* [WORK INSTRUCTIONS]: I'd like the entries repeated exactly, pictures omitted.

[Data entries]
+-------+
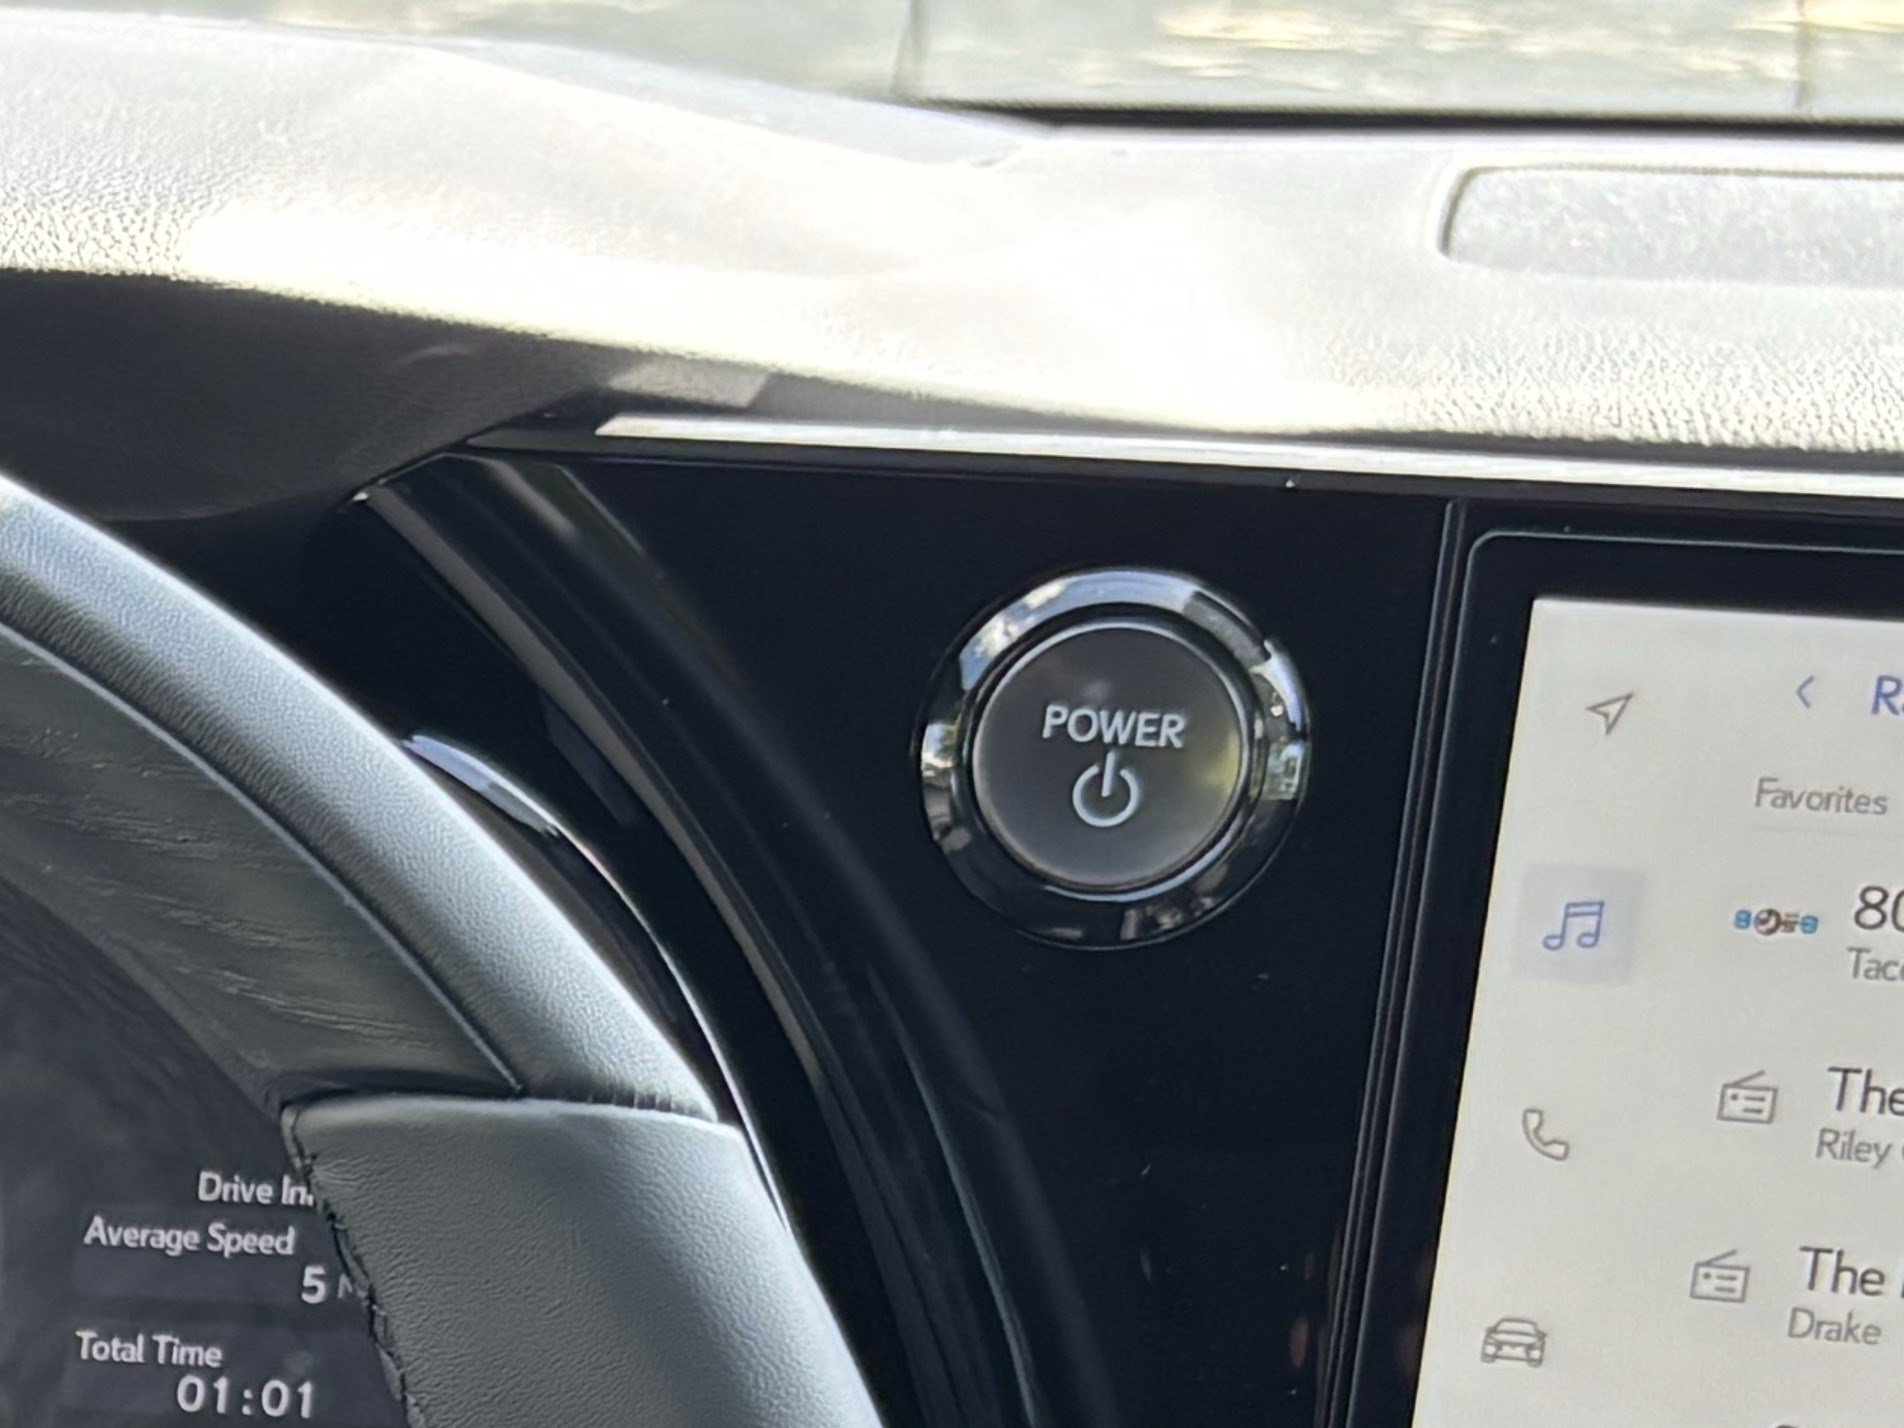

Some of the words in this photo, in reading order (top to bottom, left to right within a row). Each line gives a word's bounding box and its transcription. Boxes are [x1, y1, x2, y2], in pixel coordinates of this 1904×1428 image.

[1042, 704, 1186, 749] POWER
[1754, 775, 1888, 816] Favorites
[1815, 1127, 1893, 1170] Riley
[197, 1170, 274, 1205] Drive
[84, 1215, 200, 1256] Average
[206, 1222, 295, 1258] Speed
[301, 1264, 327, 1304] 5
[1799, 1245, 1886, 1298] The
[1787, 1306, 1883, 1346] Drake
[76, 1330, 145, 1366] Total
[153, 1333, 223, 1370] Time
[176, 1376, 316, 1419] 01:01
+-------+
* [RESULT OF THIS TASK]:
Some of the words in this photo, in reading order (top to bottom, left to right within a row). Each line gives a word's bounding box and its transcription. Boxes are [x1, y1, x2, y2], in pixel coordinates of this 1904×1428 image.

[1042, 704, 1186, 749] POWER
[1754, 775, 1888, 816] Favorites
[1815, 1127, 1893, 1170] Riley
[197, 1170, 274, 1205] Drive
[84, 1215, 200, 1256] Average
[206, 1222, 295, 1258] Speed
[301, 1264, 327, 1304] 5
[1799, 1245, 1886, 1298] The
[1787, 1306, 1883, 1346] Drake
[76, 1330, 145, 1366] Total
[153, 1333, 223, 1370] Time
[176, 1376, 316, 1419] 01:01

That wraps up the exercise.